▸ Data extract
• • • • • • •
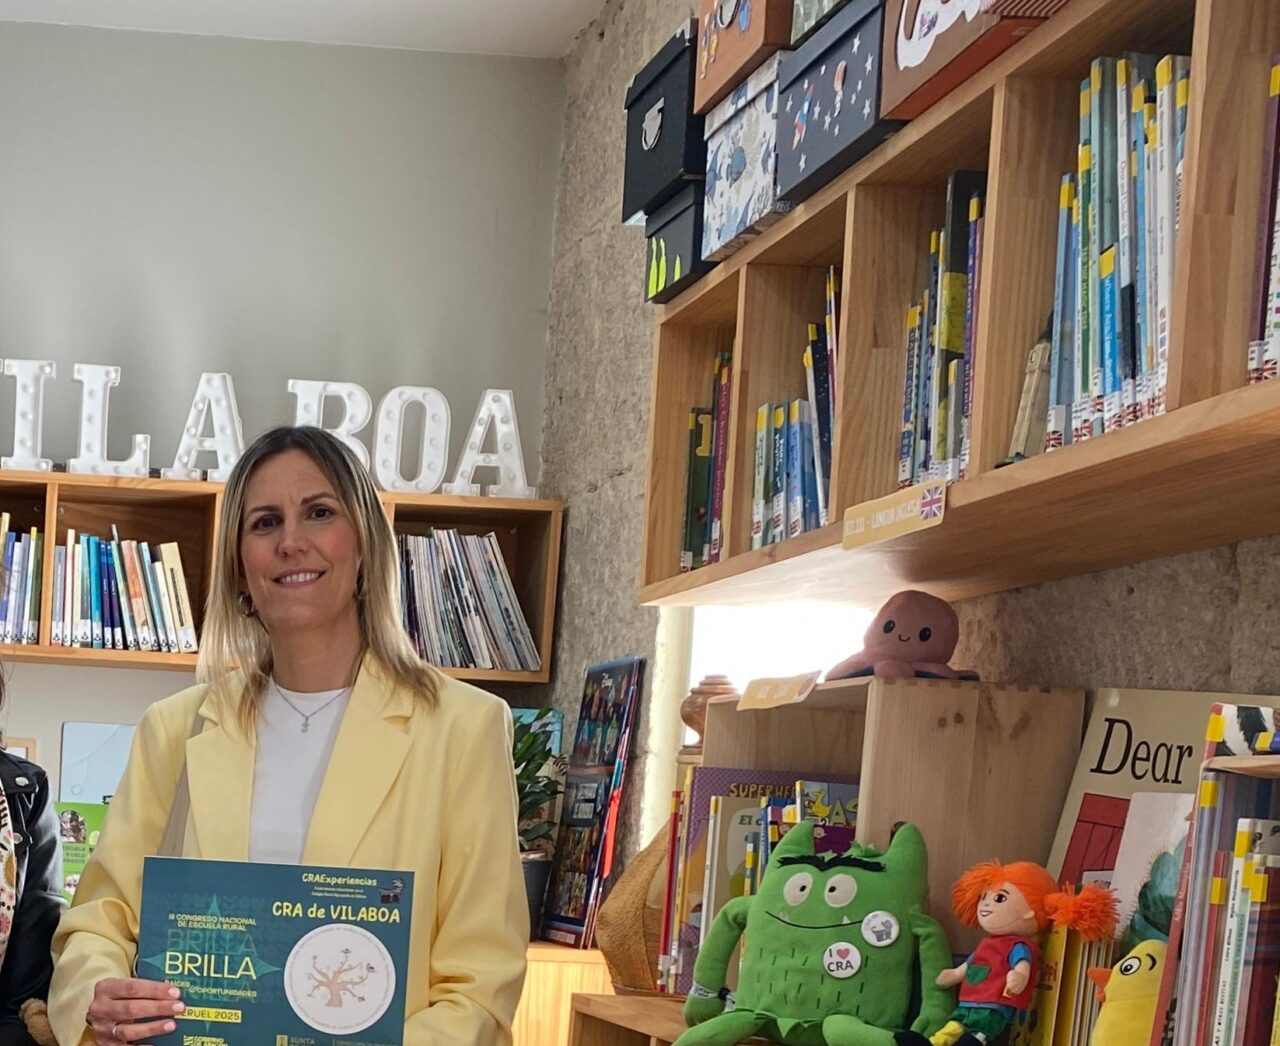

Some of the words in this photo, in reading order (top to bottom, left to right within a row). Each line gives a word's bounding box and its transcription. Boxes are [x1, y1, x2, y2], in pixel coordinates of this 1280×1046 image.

[1090, 717, 1194, 786] Dear
[738, 815, 754, 826] El
[302, 873, 378, 886] CRAExperiencias
[272, 902, 303, 917] CRA
[307, 903, 326, 918] de
[330, 905, 400, 923] VILABOA
[176, 914, 218, 922] CONGRESO
[219, 917, 256, 925] NACIONAL
[828, 948, 833, 957] I
[164, 952, 257, 980] BRILLA
[827, 960, 854, 972] CRA
[181, 1008, 212, 1019] ERUEL
[214, 1010, 240, 1020] 2025
• • • • • • •
▸ What you need to do
Once the pictures are set aside, please output all the data word for word.

▸ Expected answer
Some of the words in this photo, in reading order (top to bottom, left to right within a row). Each line gives a word's bounding box and its transcription. Boxes are [x1, y1, x2, y2], in pixel coordinates of this 1280×1046 image.

[1090, 717, 1194, 786] Dear
[738, 815, 754, 826] El
[302, 873, 378, 886] CRAExperiencias
[272, 902, 303, 917] CRA
[307, 903, 326, 918] de
[330, 905, 400, 923] VILABOA
[176, 914, 218, 922] CONGRESO
[219, 917, 256, 925] NACIONAL
[828, 948, 833, 957] I
[164, 952, 257, 980] BRILLA
[827, 960, 854, 972] CRA
[181, 1008, 212, 1019] ERUEL
[214, 1010, 240, 1020] 2025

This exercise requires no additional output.